When the Los Angeles Lakers lost at home to the Boston Celtics in Game 7 of the 1969 NBA Finals, superstar guard Jerry West walked off the floor in shambles.
The Chelyan, W.V., native didn’t care that he was named MVP of the series, still the only player on a losing team to ever receive the award. He didn’t care how close he’d gotten; or how, just a few months later, his silhouette would become the NBA’s official logo.
What then pounded away in West’s mind, pushing out everything else, was the cruel, hard math at play: the Lakers had lost to the Celtics on the biggest stage six times in the 1960s.
West detailed the grueling toll these losses took in the documentary Jerry West: The Logo, released last week. He passed away in 2024 at the age of 86 after decades as a world-class NBA executive and consultant, but could never shake the toll so many losses to the same opponent took on his psyche.
So much of his misery came from that ever-present, green-clad nemesis.
Squint hard enough, and you can see a similarly frustrating opponent developing for No. 6 Arkansas softball (36-8, 11-7 SEC) after yet another loss to No. 1 Oklahoma (42-6, 15-3 SEC) this weekend.
Arkansas Softball’s Kryptonite
Much like Red Auerbach’s Celtics, Oklahoma softball coach Patty Gasso has constructed a juggernaut that is simultaneously an unstoppable force and an immovable object.

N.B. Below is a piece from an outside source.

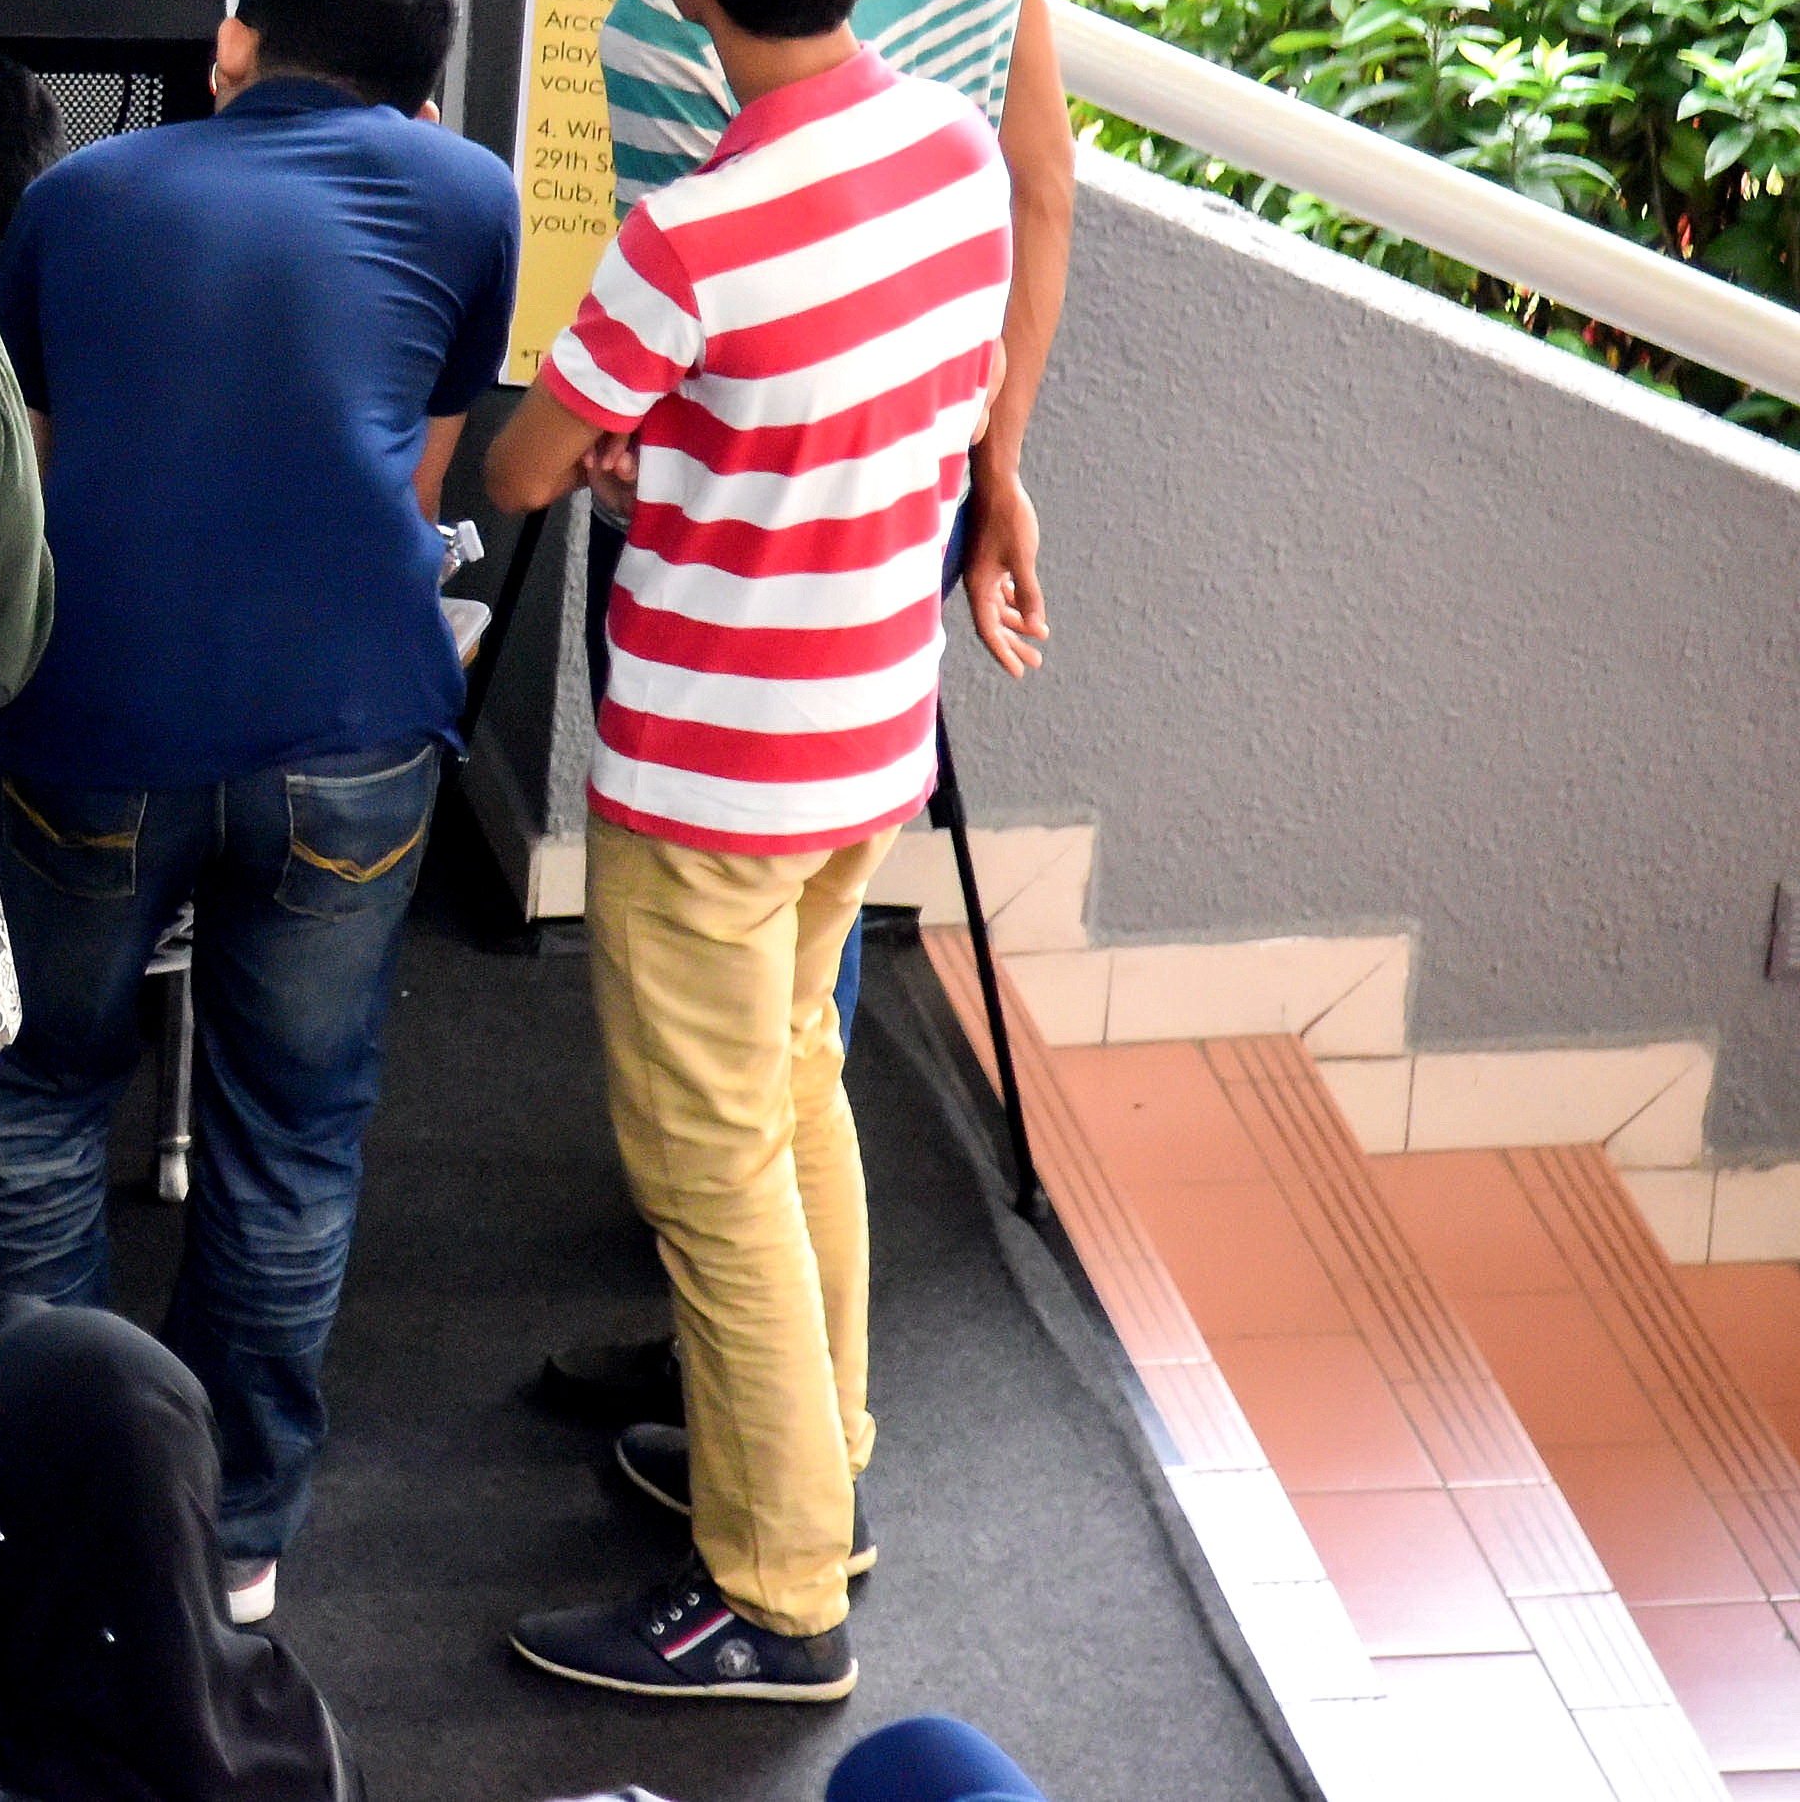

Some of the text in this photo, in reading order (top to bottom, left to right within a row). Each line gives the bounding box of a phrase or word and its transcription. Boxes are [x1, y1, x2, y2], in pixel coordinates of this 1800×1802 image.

[537, 118, 557, 139] 4.
[534, 147, 588, 172] 29th
[532, 179, 599, 207] Club,
[529, 213, 607, 237] you're

The Sooners have reached the College World Series 18 times this century, winning eight national titles, including four in a row from 2021-24. (Of course, it helps that the WCWS is played in just 25 minutes down the road from Norman.) Gasso has stacked 1,609 victories in Norman, winning 85% of her games since her tenure began in 1995.
The Razorbacks felt hope in the air after a 3-2 win against Oklahoma to force a rubber match. It snapped a 16-game head-to-head losing streak, and a nation-leading 31-game home win streak for the Sooners.

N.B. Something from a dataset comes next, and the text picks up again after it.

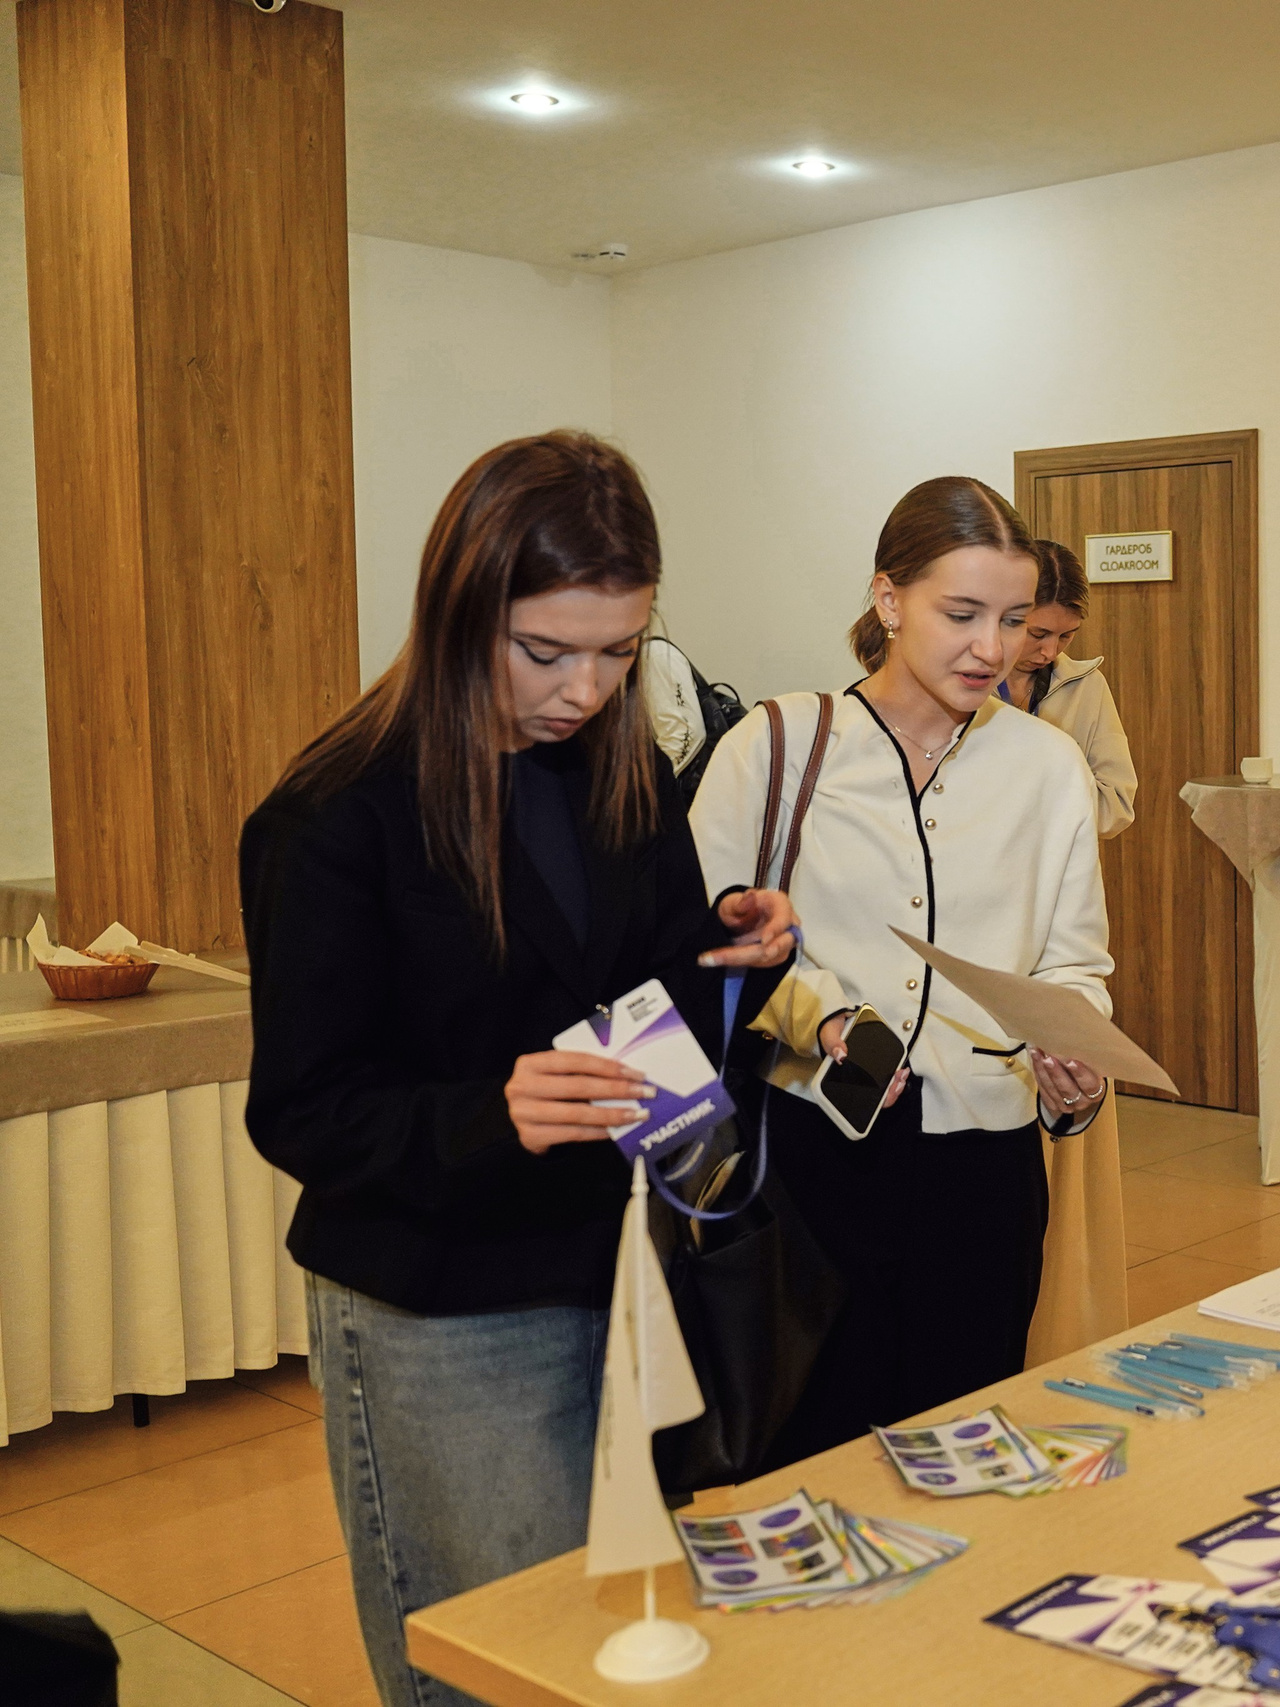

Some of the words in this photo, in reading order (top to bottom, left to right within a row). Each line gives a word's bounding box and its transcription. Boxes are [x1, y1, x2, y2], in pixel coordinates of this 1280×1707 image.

“Just fight for it,” starting pitcher Payton Burnham said of her mentality. The sophomore held an OU lineup batting .410 and averaging 11.1 runs to just 4 hits and 2 runs across 5.1 innings. “You’re out there with your back against the wall and the only thing you need to do is go for it. I was just trusting my stuff and the defense, and obviously they came up big when they needed to. The dugout was electric.”